Without seeing the office

Despite all the criticism, it looks like the freelancer economy is not going anywhere. “What is really changing is that more and more businesses are realizing that this is the future,” says Kaufman. “I believe that companies need a core of full-time employees, but that apart from that workforce there are many more areas for which it is not worth it to a company to hire a full-time employee.

“The market is growing in an online direction. There’s no doubt about that and the beauty of what we are doing is that we are very focused on digital services – it gives us the chance of bringing the global supply of talent together with the demand. There is huge power in this, because you don’t have to work with someone who is in your immediate physical vicinity. You can work with talented people who are located all over the world. I see this process growing and gaining momentum and the pandemic only accelerated it even more.”

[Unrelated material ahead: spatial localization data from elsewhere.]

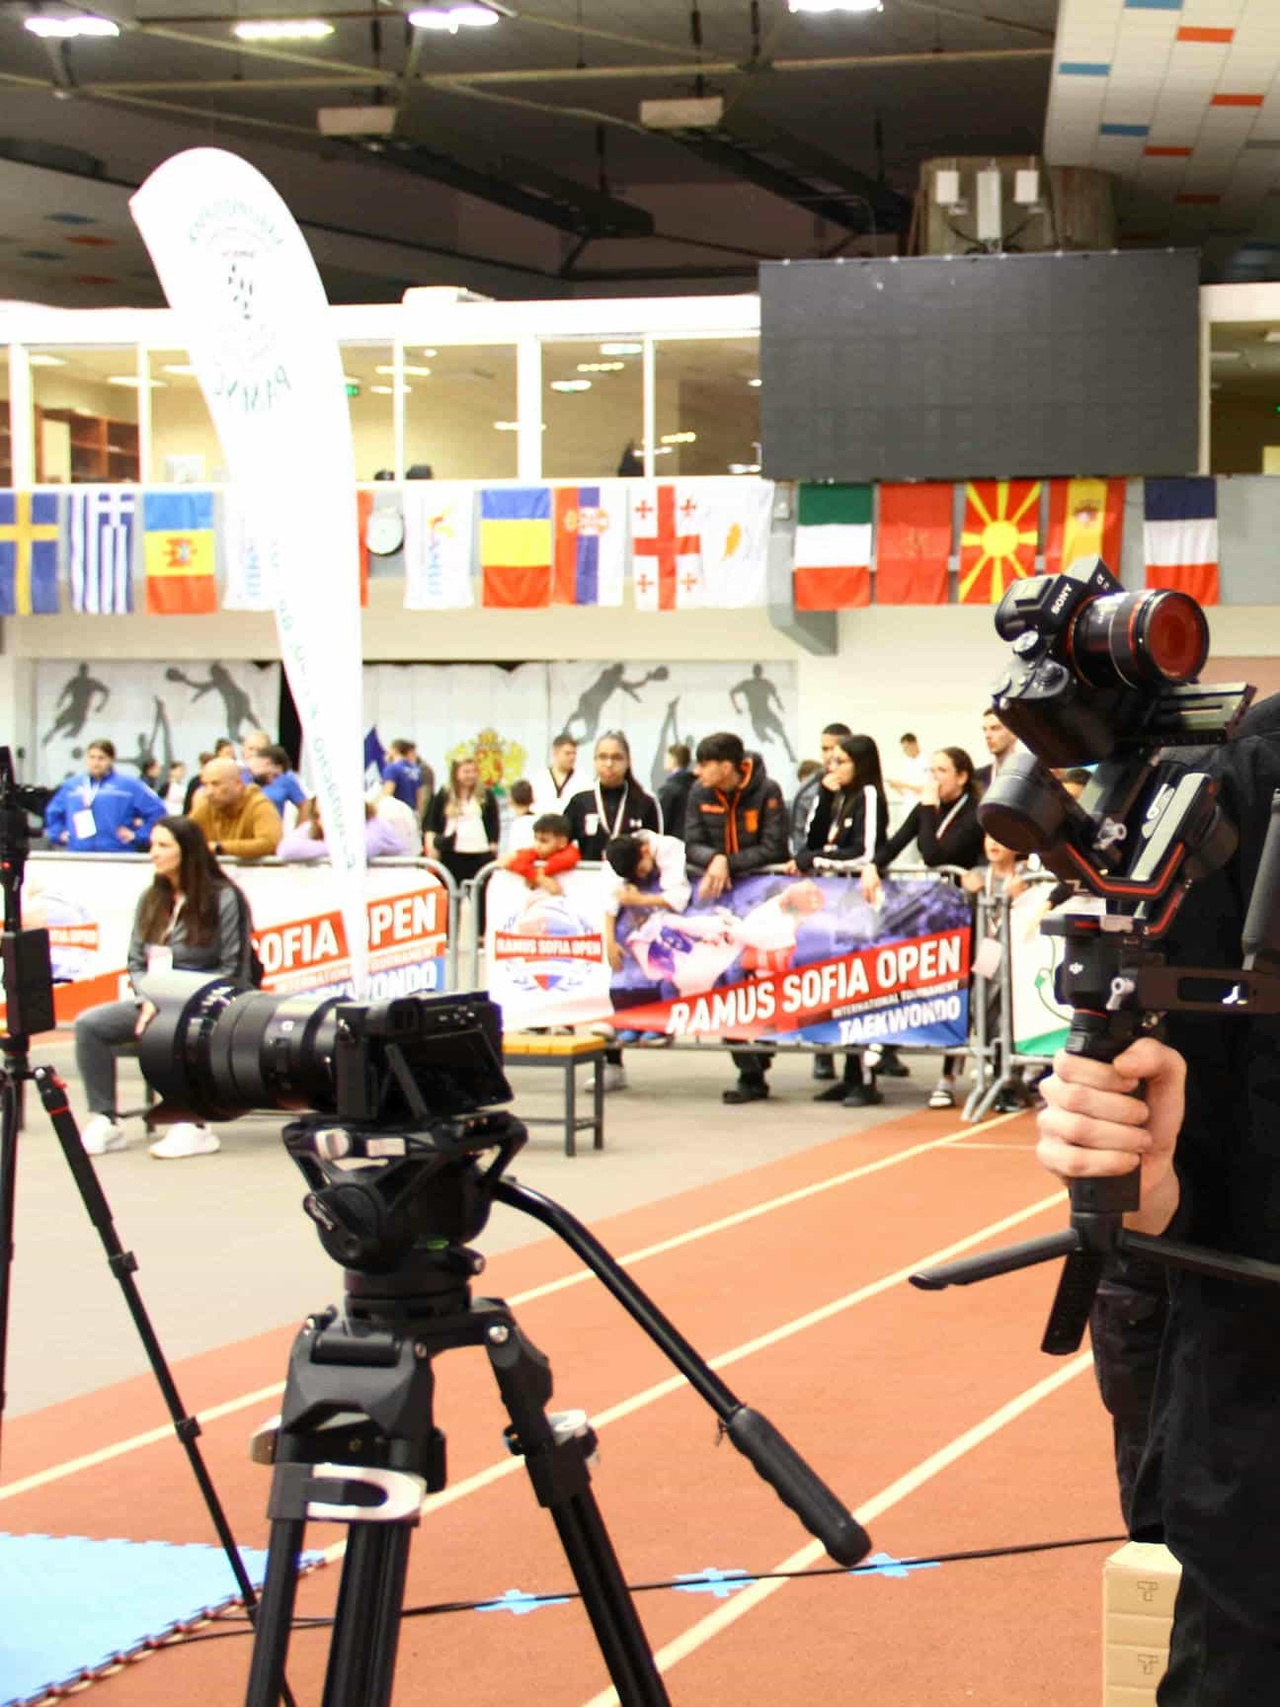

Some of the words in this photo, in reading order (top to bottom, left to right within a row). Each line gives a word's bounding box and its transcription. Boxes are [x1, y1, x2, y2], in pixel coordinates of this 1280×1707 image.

[1051, 583, 1073, 616] SONY
[367, 893, 437, 946] PEN
[666, 982, 775, 1034] RAMUS
[782, 958, 869, 1013] SOFIA
[876, 936, 960, 988] OPEN
[838, 995, 960, 1045] TAEKWONDO
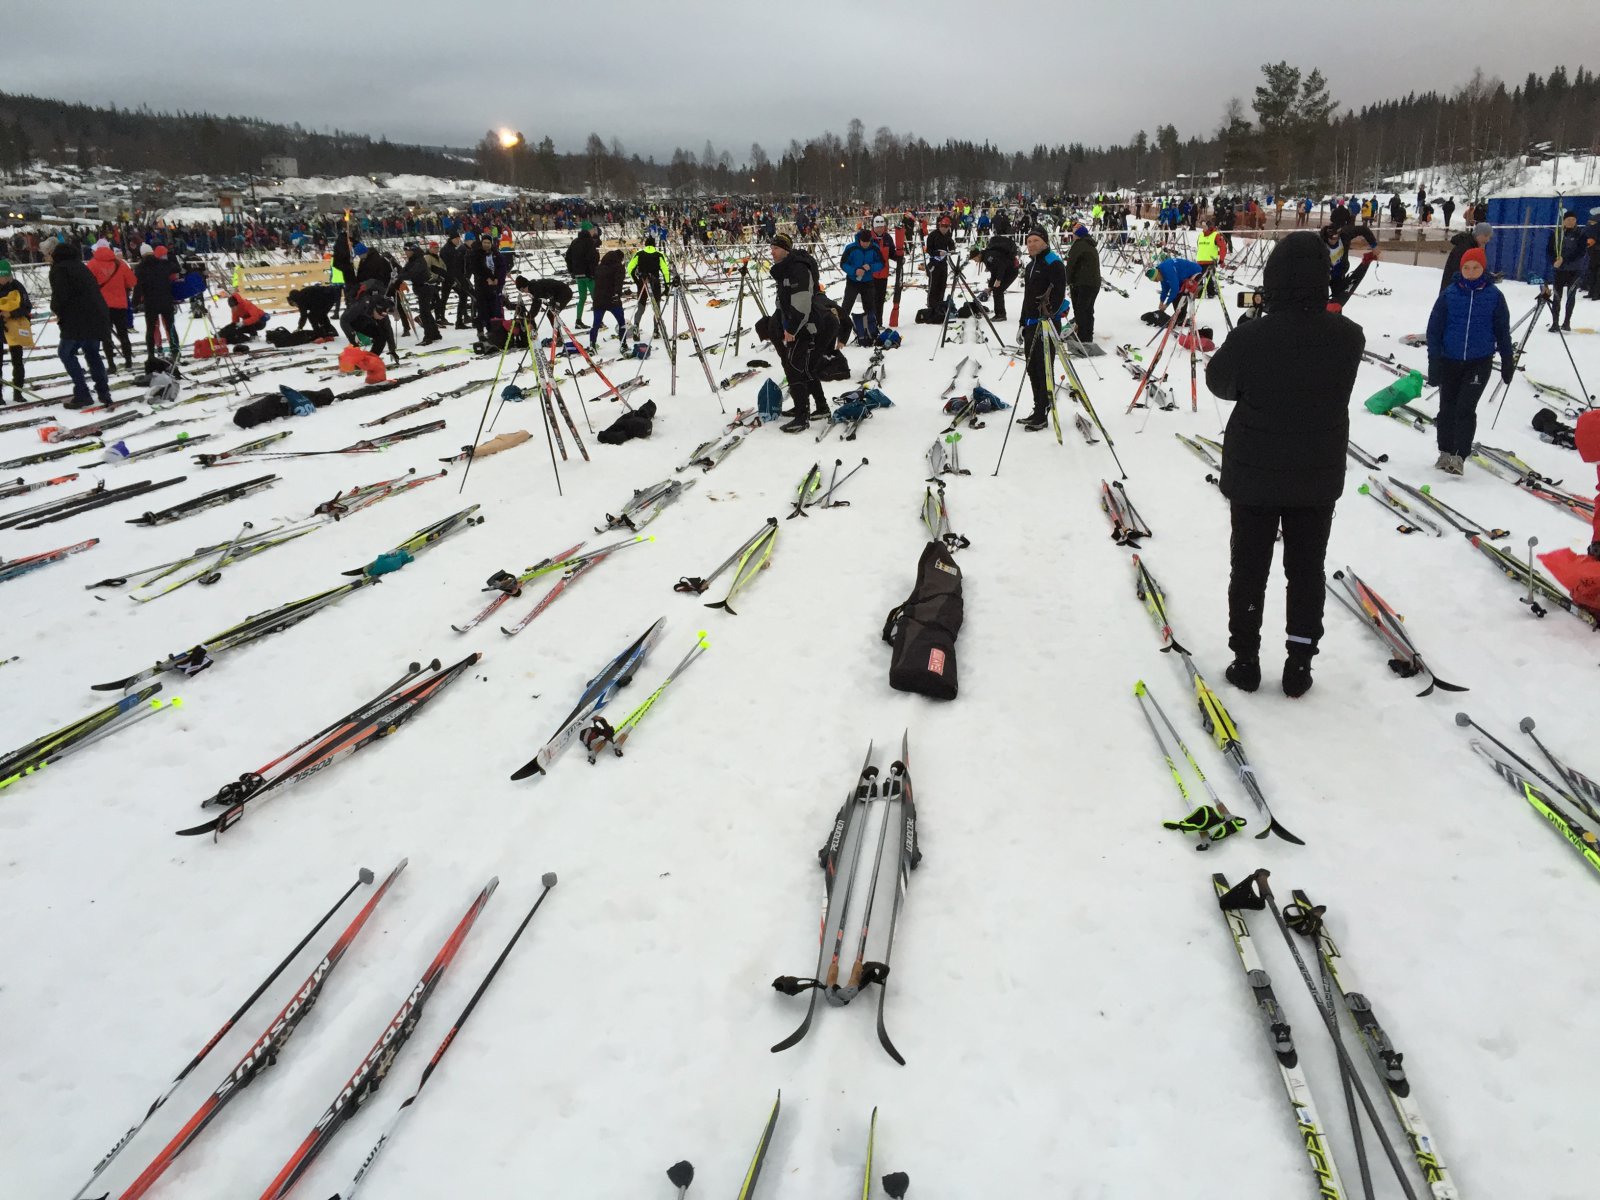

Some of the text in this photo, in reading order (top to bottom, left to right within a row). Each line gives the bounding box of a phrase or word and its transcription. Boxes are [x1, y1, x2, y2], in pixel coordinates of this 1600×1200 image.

[830, 819, 845, 852] PELTONEN
[215, 956, 331, 1099] MADSHUS
[315, 981, 425, 1132] MADSHUS

As Kaufman sees it, after two decades of intensive international traveling, peaking last year as part of the IPO process in New York, the Coronavirus period was also a tremendous opportunity to stay put in Israel for more than a few weeks at a time. Staying home in Binyamina, and having quality time with his wife and two sons, gave him food for thought about the way that offices work and will work after the immediate effects of the pandemic abate.

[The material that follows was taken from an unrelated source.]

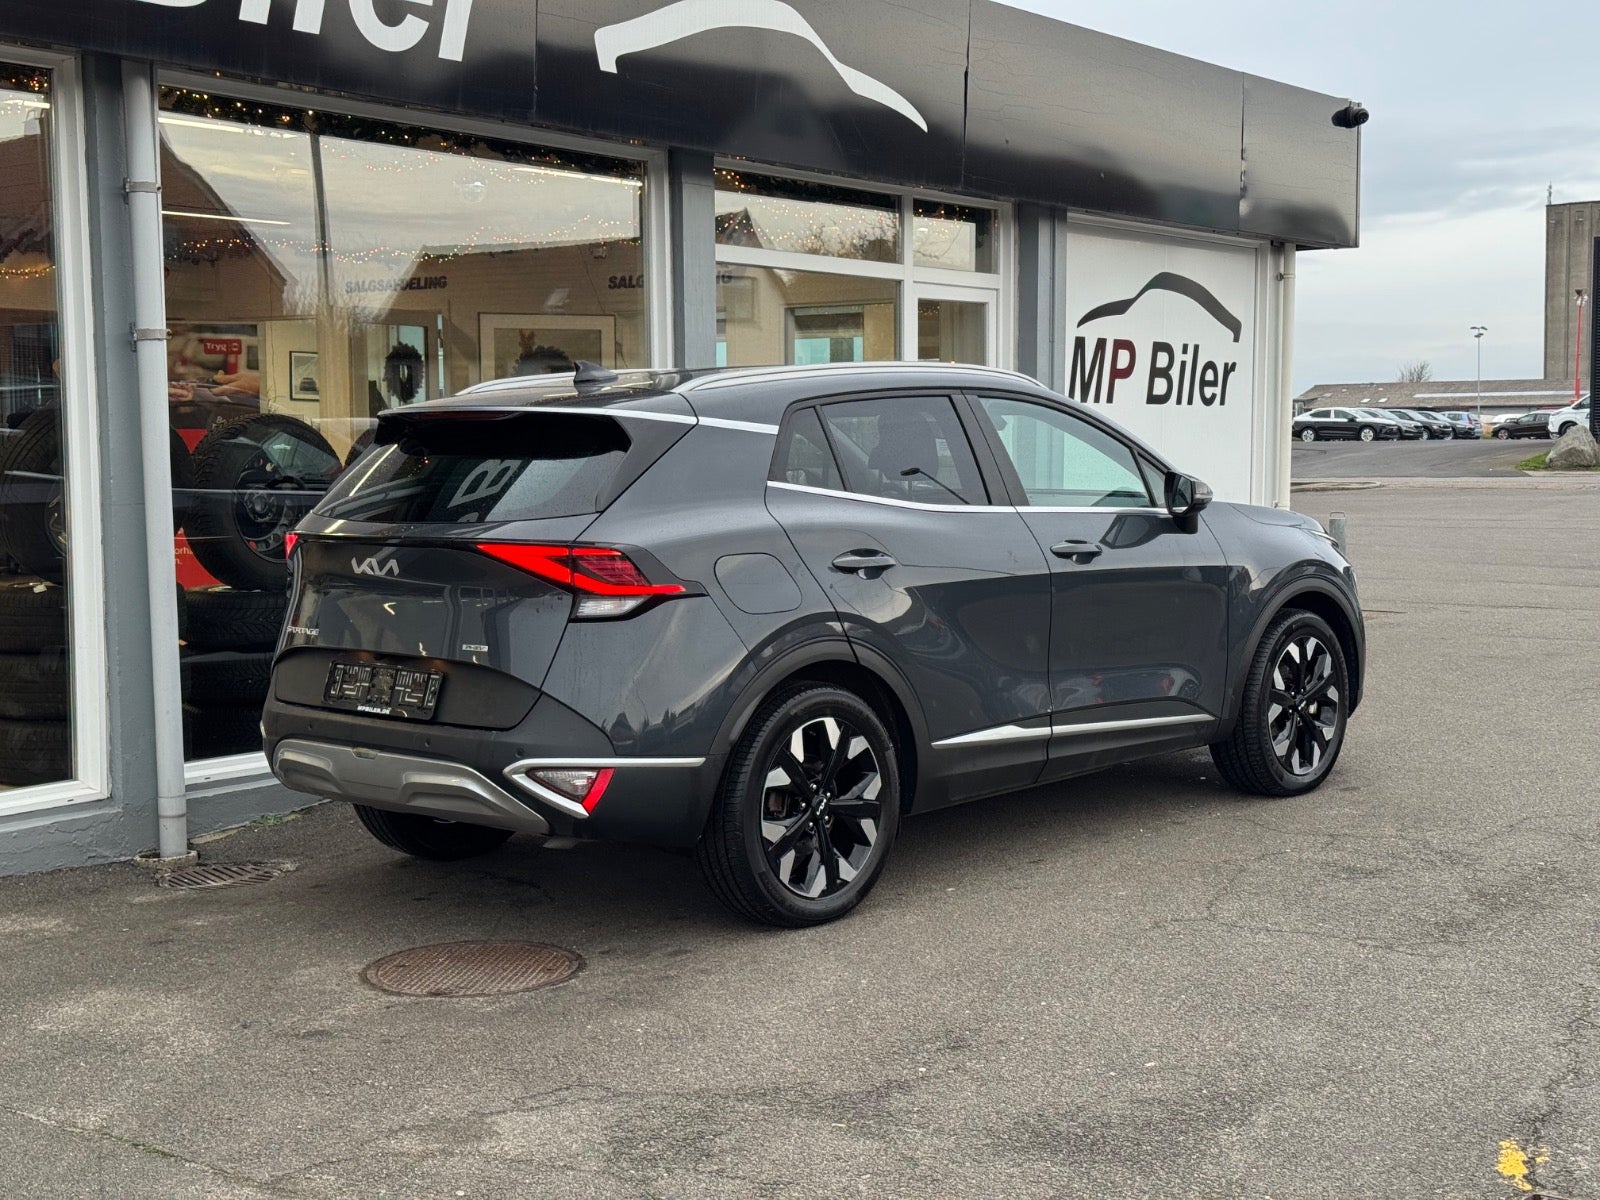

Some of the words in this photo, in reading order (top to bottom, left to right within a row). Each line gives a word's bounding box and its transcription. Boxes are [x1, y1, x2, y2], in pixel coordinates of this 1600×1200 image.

[205, 342, 228, 352] Tryg
[1068, 336, 1137, 404] MP
[1146, 341, 1238, 407] Biler
[351, 556, 400, 577] KIA

“One of the biggest challenges in the post-Corona period will be to try and think how to manage the organizational culture in a scenario where we don’t return to full time work at the office as in the past. How will this time influence the corporate culture? Many companies forget that although perhaps it was easy for them to transition from the office to distance-working, the reason for its relative seamlessness might be the fact that they had a strong corporate culture – and that is created in the office,” he says.

“When you start to hire new employees that have never been in the office and haven’t met the rest of the staff, that’s already a totally different scenario to manage. We took on over 40 new employees since April — they have not been to the office even once. It’s a new challenge and a fascinating behavioral experiment. Someone will have to consider how to manage the organizational culture from a distance. That part is not at all trivial.”

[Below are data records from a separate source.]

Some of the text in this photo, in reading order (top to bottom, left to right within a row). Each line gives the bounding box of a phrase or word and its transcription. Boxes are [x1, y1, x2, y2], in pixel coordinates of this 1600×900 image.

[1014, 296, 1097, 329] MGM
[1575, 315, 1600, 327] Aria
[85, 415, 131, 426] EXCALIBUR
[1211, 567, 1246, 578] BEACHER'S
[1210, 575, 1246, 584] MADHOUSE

These 40 new employees joined a different corporation than the one that existed just a year ago, and not just because of the distance-working. Since the IPO in June last year, the value of Fiverr has increased three-fold, growing Kaufman’s private equity (after the second IPO) to $140 million.

Now, with the market cap that has already crossed the $2 billion mark, Fiverr finds itself in the big leagues, at least when it comes to Israeli companies on Wall Street. As Kaufman sees it, the goal was and remains to make Fiverr a huge company. Even when he mentions the names of companies such as Mellanox or LinkedIn, big, dominant, groundbreaking companies that were eventually acquired by such giants as Nvidia and Microsoft, Kaufman doesn’t change his tune. “Fiverr is a buyer, not an acquisition,” he says, but leaves a small opening for possibility — “some particular situation could always come along and change your mind.”

At the moment, however, the model to aspire to is more Amazon than Alibaba (now owned by Mellanox). “Look how long it took them to capture 10% market share… I think in the future we will be there too.”